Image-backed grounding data
----------------

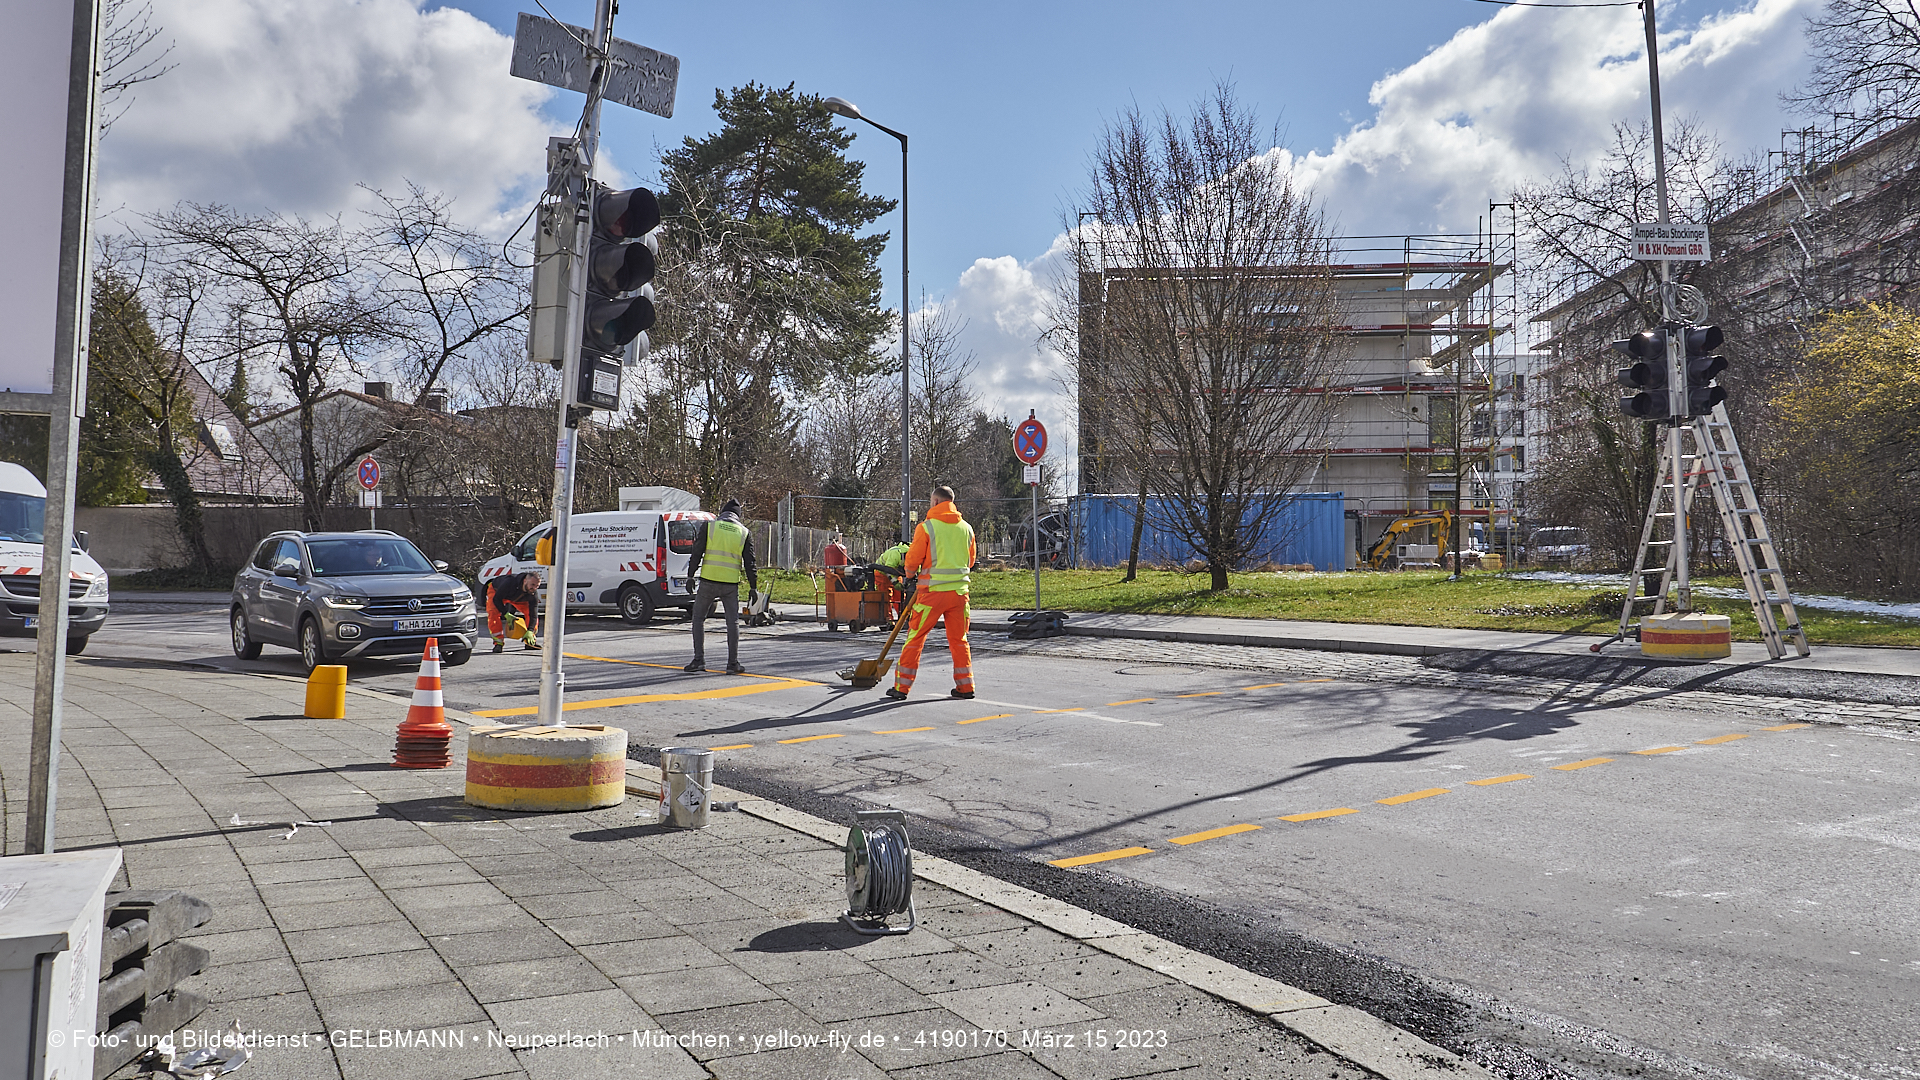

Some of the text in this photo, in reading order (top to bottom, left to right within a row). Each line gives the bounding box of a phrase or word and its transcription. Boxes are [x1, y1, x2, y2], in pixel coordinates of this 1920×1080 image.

[1634, 227, 1705, 241] Ampel-Bau Stockinger
[1638, 243, 1704, 255] M & XH Osmani GBR
[609, 524, 639, 533] Stockinger
[421, 619, 440, 627] 1214

----------------

▸ **WHAT TO PRODUCE**
Drop every picture, then write out the remaining entries above exactly as they appear.

▸ **RESPONSE**
Some of the text in this photo, in reading order (top to bottom, left to right within a row). Each line gives the bounding box of a phrase or word and its transcription. Boxes are [x1, y1, x2, y2], in pixel coordinates of this 1920×1080 image.

[1634, 227, 1705, 241] Ampel-Bau Stockinger
[1638, 243, 1704, 255] M & XH Osmani GBR
[609, 524, 639, 533] Stockinger
[421, 619, 440, 627] 1214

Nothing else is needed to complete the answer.